The 2006 student movement, termed the Penguin Revolution for the black and white uniforms worn by high school students, and the 2011 student movement, called the Chilean Winter, a reference to the "Arab Spring," have captivated the attention of the media and scholars alike. However, little work has been done to place these student movements into a broader historical context. Historically, Chilean students have had a long record of both general political activism and specific activism over educational matters dating back over 100 years.
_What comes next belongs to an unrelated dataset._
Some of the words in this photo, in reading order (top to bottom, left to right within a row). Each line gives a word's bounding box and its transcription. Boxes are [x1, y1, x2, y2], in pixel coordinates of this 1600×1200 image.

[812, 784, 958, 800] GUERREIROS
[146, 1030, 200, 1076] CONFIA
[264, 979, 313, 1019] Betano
Even the most recent student protests, which developed into a broader movement against the neoliberal policies implemented under the dictator General Augusto Pinochet, were preceded by demonstrations with similar demands dating back to at least 2000. However, these precedents do not explain why the movements developed between 2000 and 2011, rather than immediately after the fall of the dictatorship in 1990. I argue that part of the reason is because that the students in the twenty-first century were the first ones to attend high school and college who were not raised under the dictatorship and for that reason they did not fear the repression and violence their predecessors, who grew up predominantly under the dictatorship, experienced. Thus, an analysis of the history of student political activism in Chile, the history of Chilean politics, the history of the Chilean education system, and the neoliberal reforms, especially in education, is necessary to provide a historical, political, and social context for the recent student movements.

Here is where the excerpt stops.